From the line that contains "this 1280×960 image." to the final line of the entries, return every line exactly and leave out all others.

**** Data for this task ****

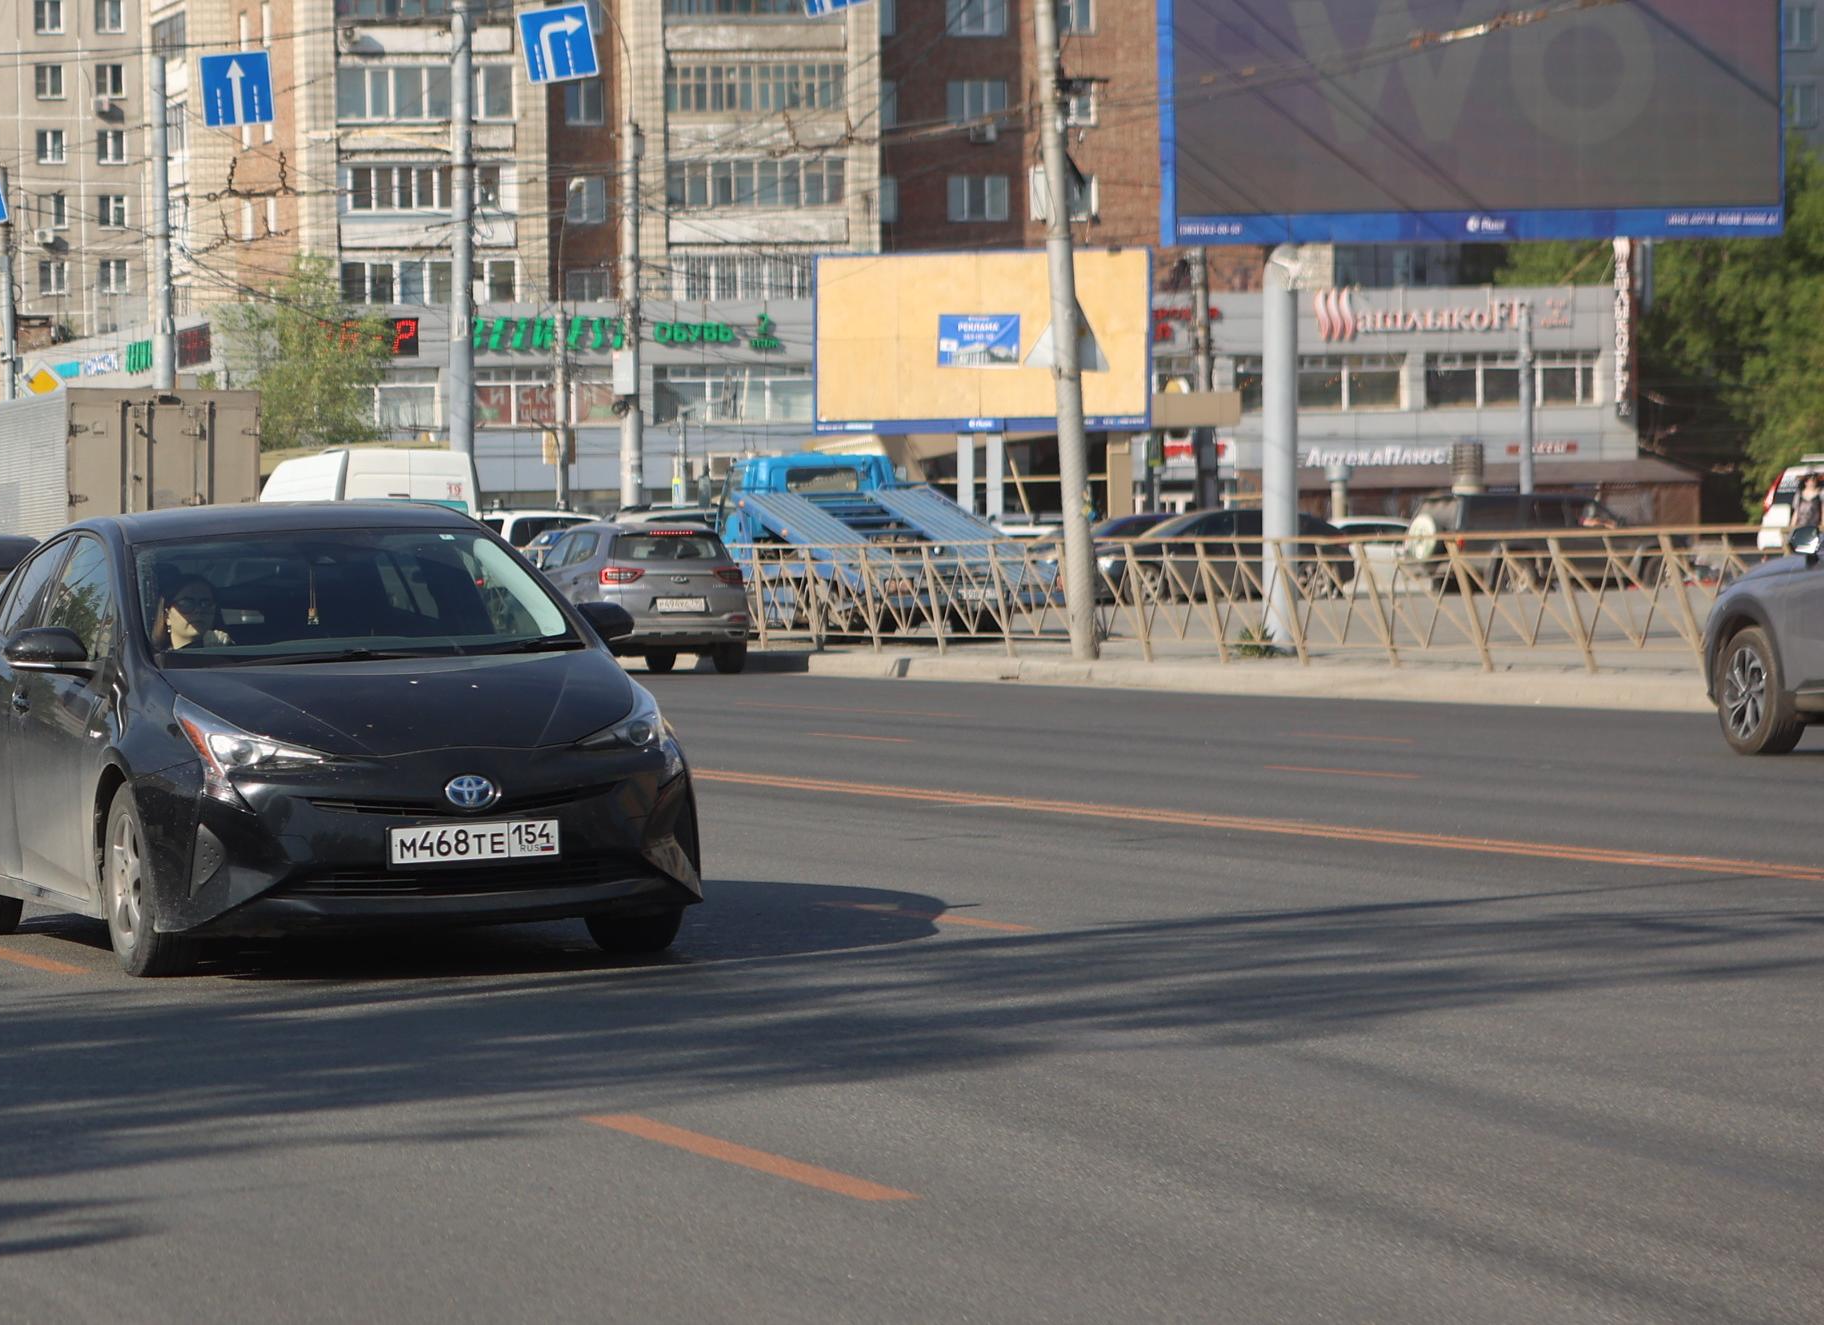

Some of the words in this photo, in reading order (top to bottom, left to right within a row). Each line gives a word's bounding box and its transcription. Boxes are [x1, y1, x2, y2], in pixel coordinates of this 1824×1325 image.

[653, 321, 734, 343] ОБУВЬ
[957, 321, 1000, 332] РЕКЛАМА
[399, 830, 505, 859] М468ТЕ
[511, 822, 551, 845] 154
[519, 844, 540, 853] RUS
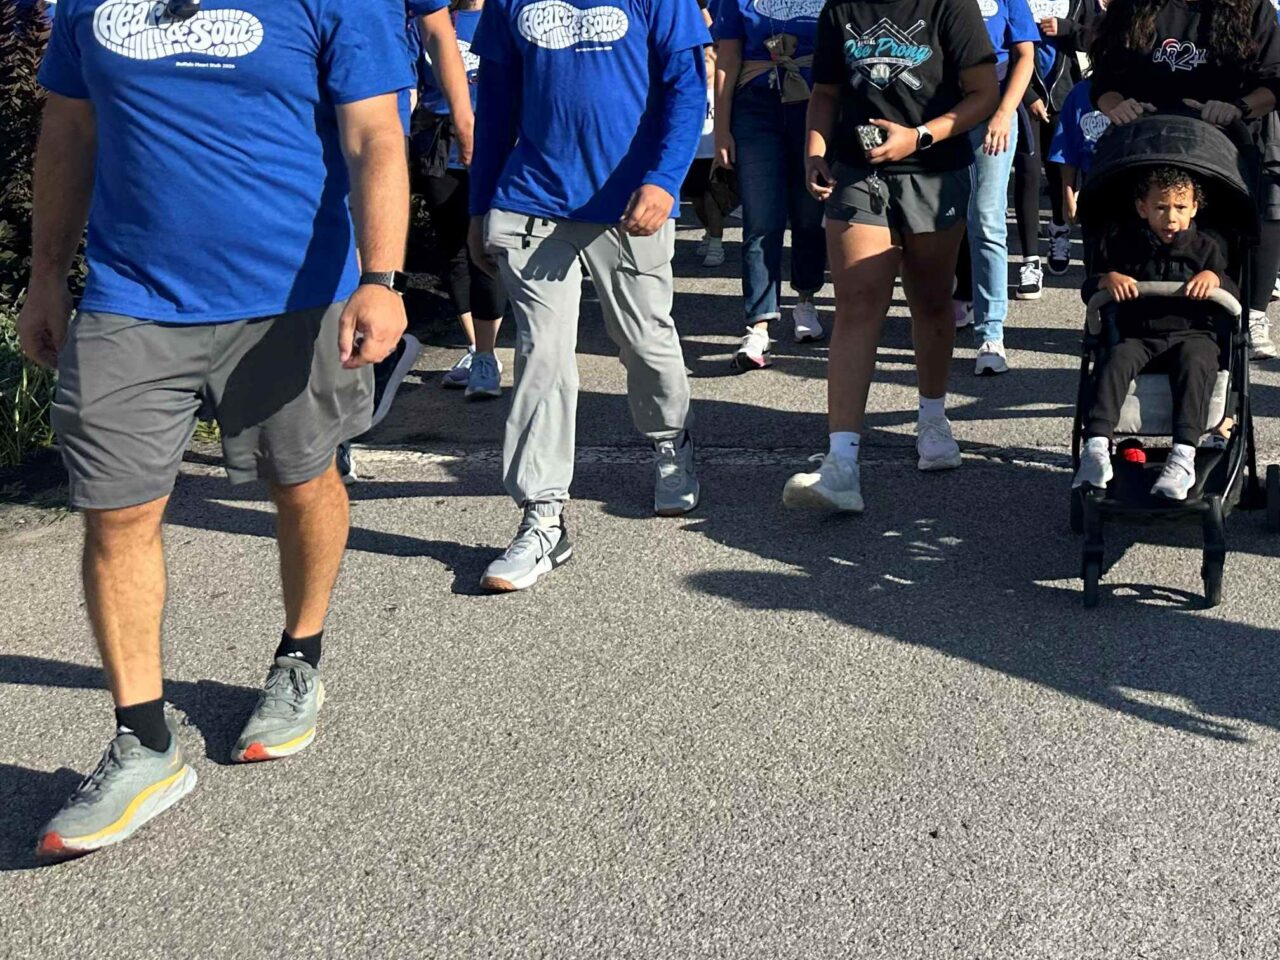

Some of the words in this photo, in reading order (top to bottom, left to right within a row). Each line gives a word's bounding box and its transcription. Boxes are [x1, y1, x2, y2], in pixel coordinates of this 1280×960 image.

[521, 2, 572, 40] Heart
[568, 13, 582, 36] &
[581, 13, 622, 38] Soul
[166, 22, 190, 44] &
[187, 20, 254, 50] Soul
[1082, 114, 1110, 139] Hear

****

Answer box:
Some of the words in this photo, in reading order (top to bottom, left to right within a row). Each line gives a word's bounding box and its transcription. Boxes are [x1, y1, x2, y2], in pixel coordinates of this 1280×960 image.

[521, 2, 572, 40] Heart
[568, 13, 582, 36] &
[581, 13, 622, 38] Soul
[166, 22, 190, 44] &
[187, 20, 254, 50] Soul
[1082, 114, 1110, 139] Hear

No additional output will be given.